[Saved entries]
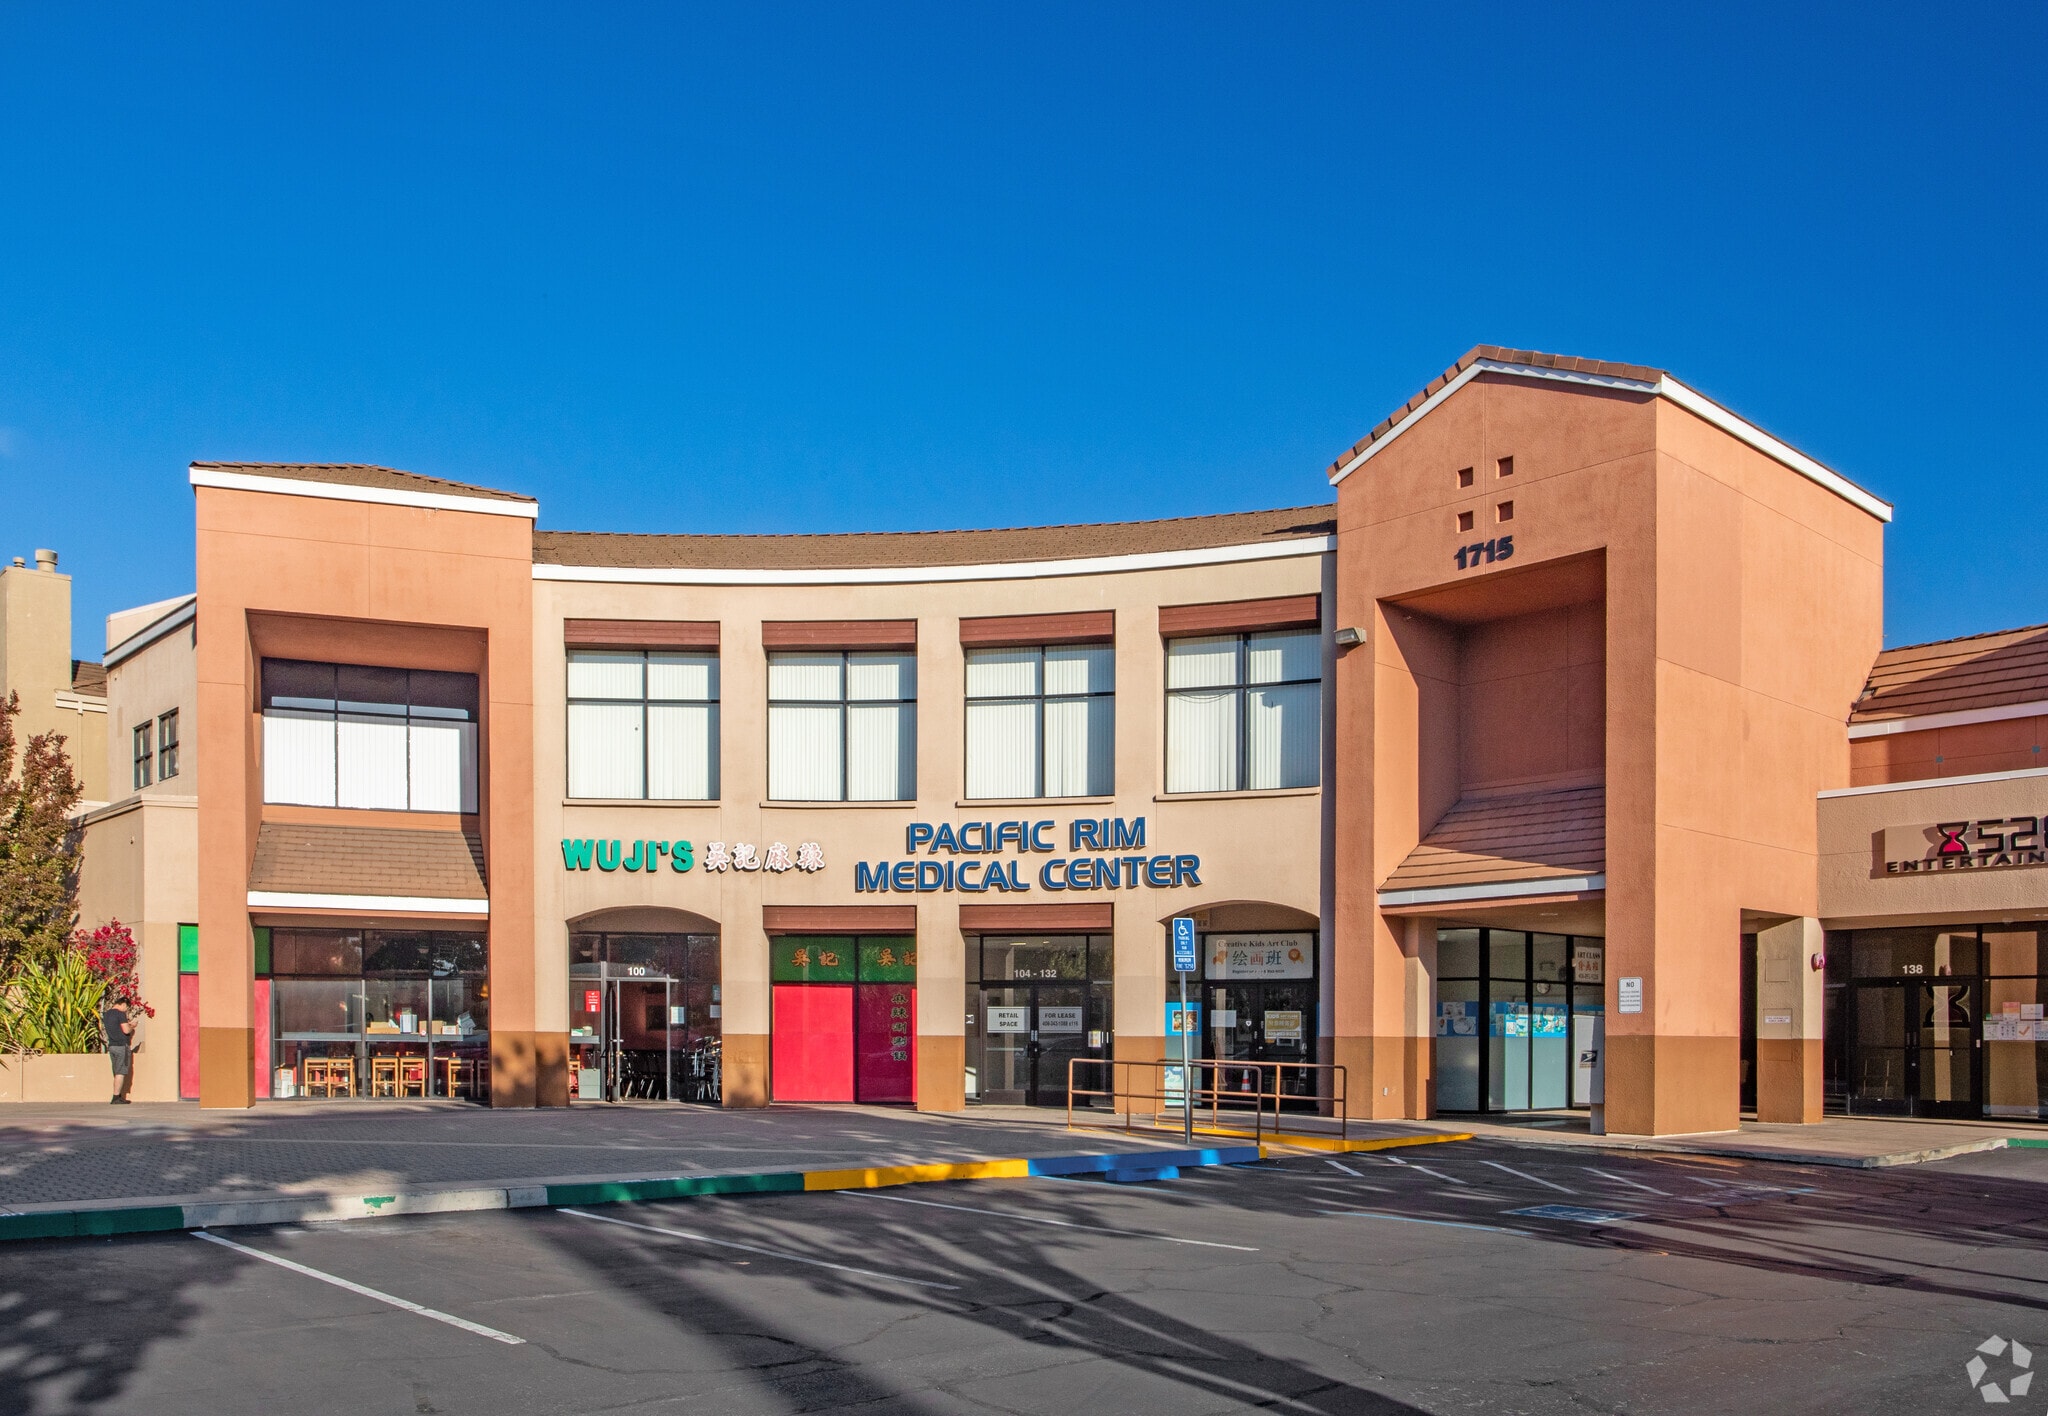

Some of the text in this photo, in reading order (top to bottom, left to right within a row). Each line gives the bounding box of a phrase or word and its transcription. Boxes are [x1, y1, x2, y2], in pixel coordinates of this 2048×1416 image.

[1454, 535, 1514, 570] 1715
[908, 817, 1146, 852] PACIFIC RIM
[1977, 815, 2048, 853] 52
[562, 839, 695, 871] WUJI'S
[857, 854, 1203, 891] MEDICAL CENTER
[627, 966, 645, 976] 100
[1014, 969, 1031, 978] 104
[1040, 969, 1057, 978] 132
[1232, 950, 1282, 966] 绘画班
[1902, 965, 1923, 975] 138
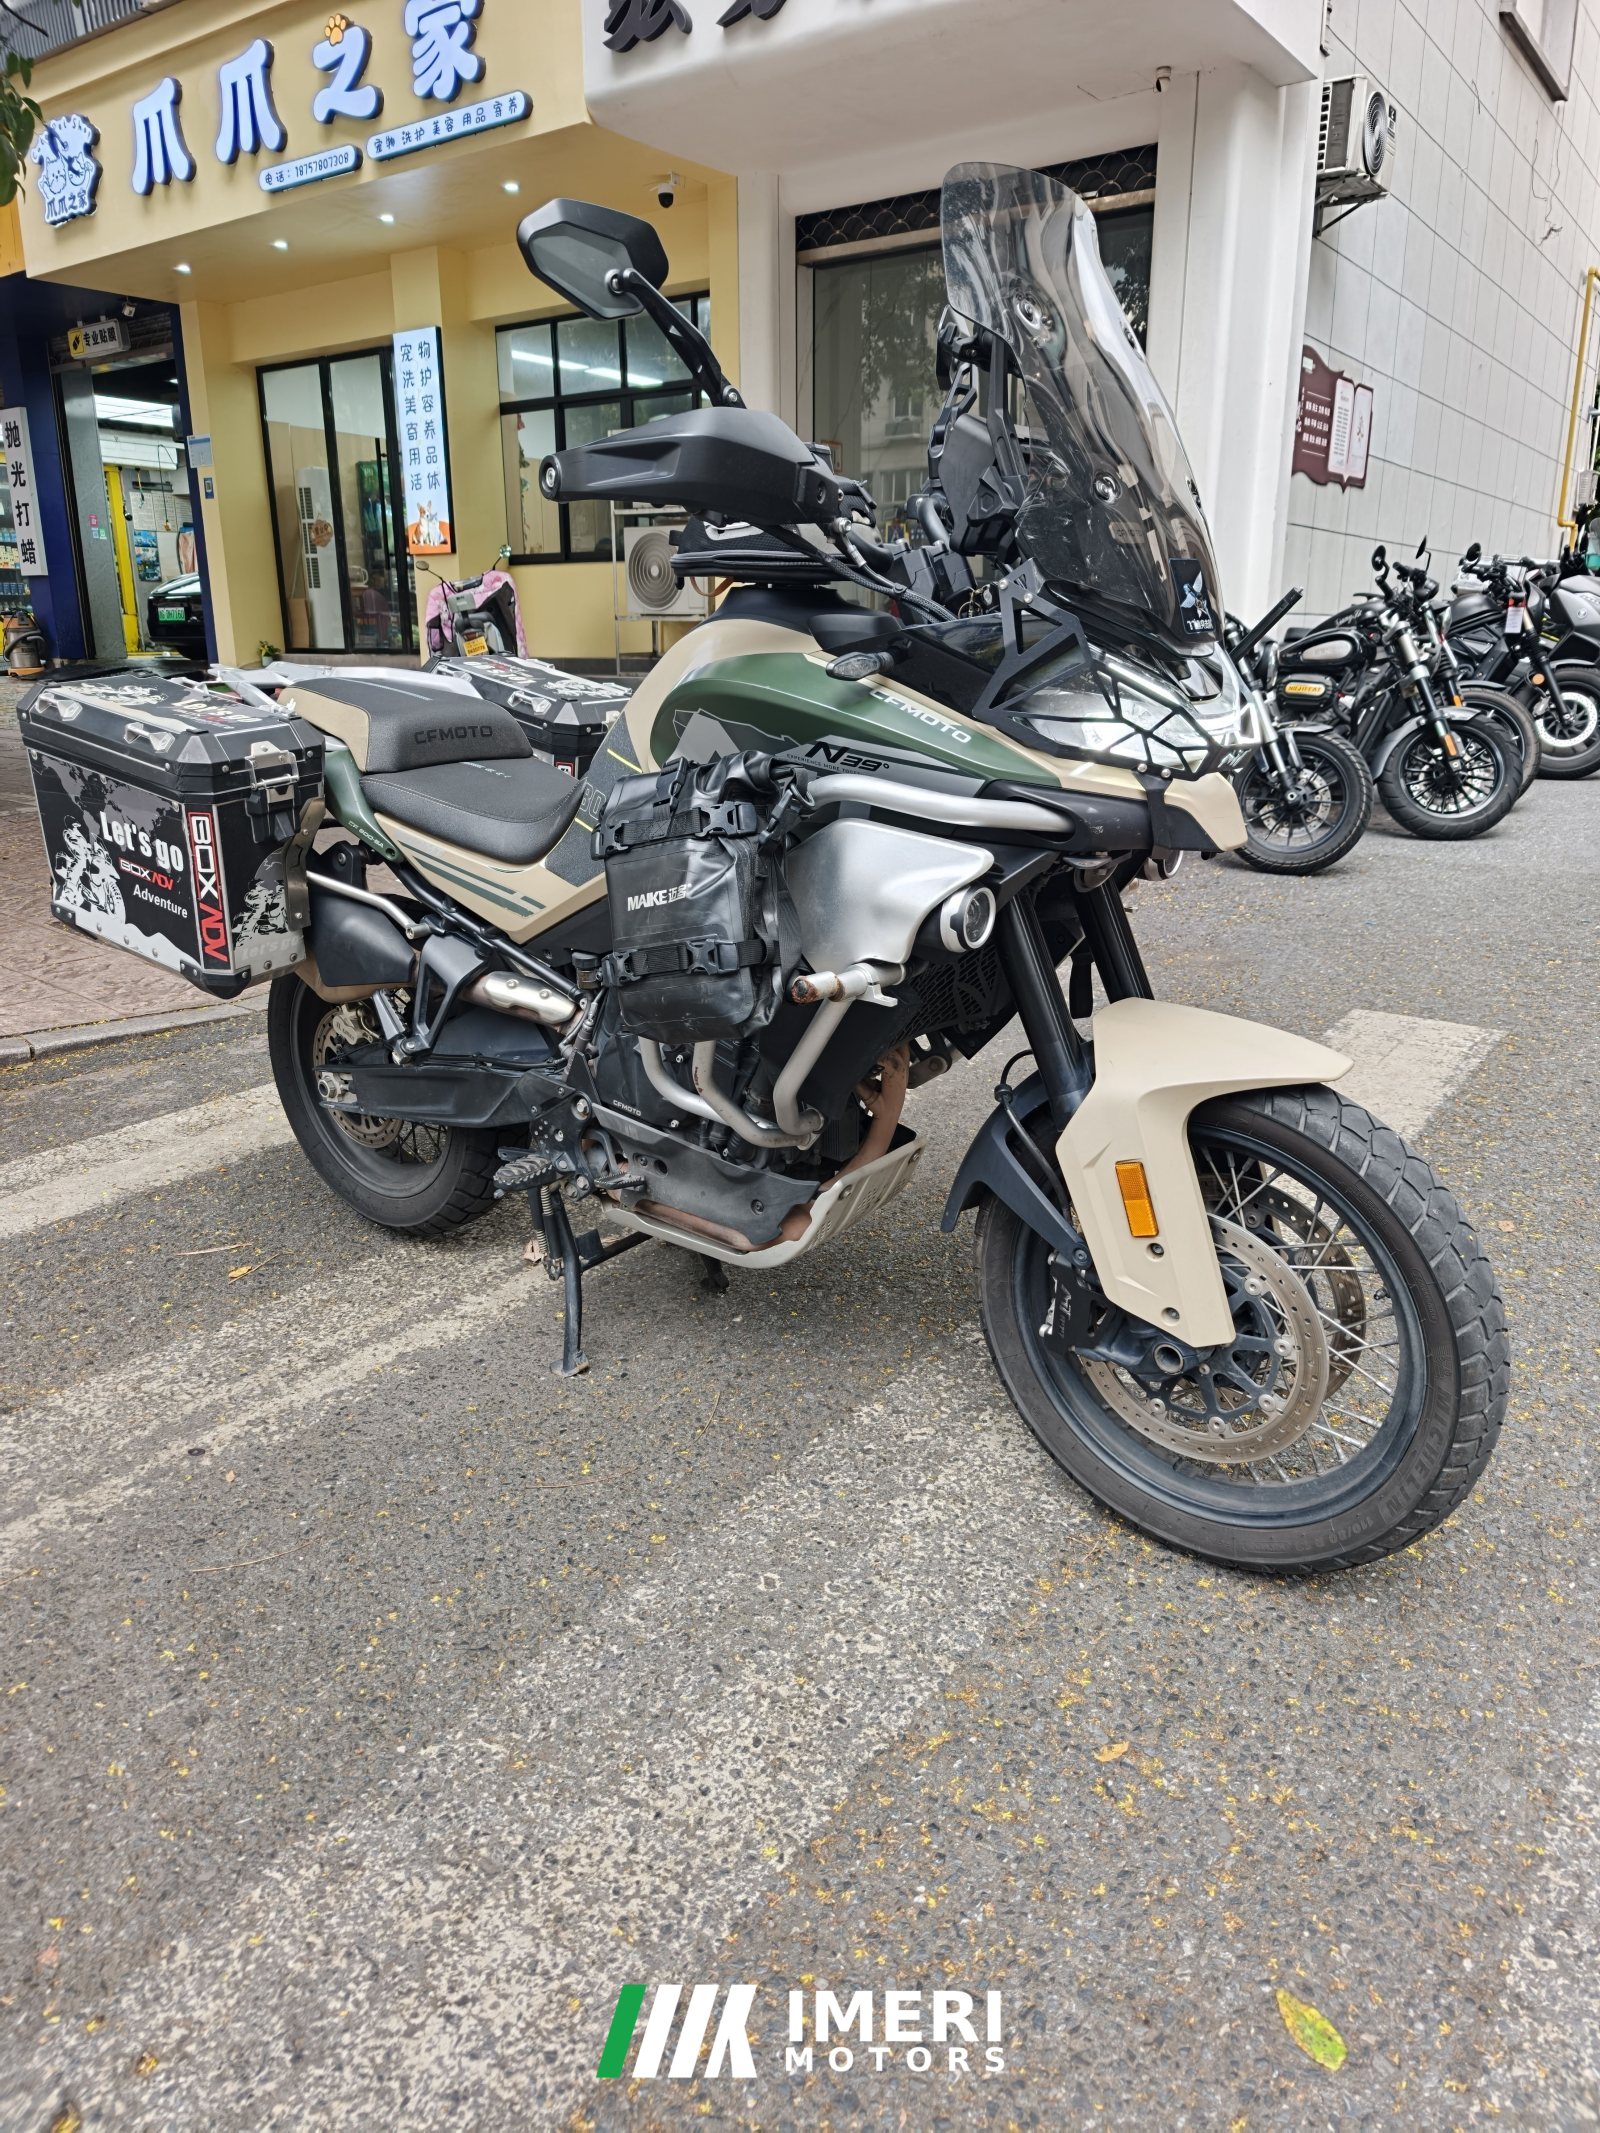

**Work to be completed**
When you copy the data, keep every line exact and leave out each picture.

**Exercise response**
Some of the text in this photo, in reading order (top to bottom, left to right within a row). Each line gives the bounding box of a phrase or word and its transcription. Boxes are [x1, y1, x2, y2], in pixel coordinates of this 2048×1416 image.

[1454, 535, 1514, 570] 1715
[908, 817, 1146, 852] PACIFIC RIM
[1977, 815, 2048, 853] 52
[562, 839, 695, 871] WUJI'S
[857, 854, 1203, 891] MEDICAL CENTER
[627, 966, 645, 976] 100
[1014, 969, 1031, 978] 104
[1040, 969, 1057, 978] 132
[1232, 950, 1282, 966] 绘画班
[1902, 965, 1923, 975] 138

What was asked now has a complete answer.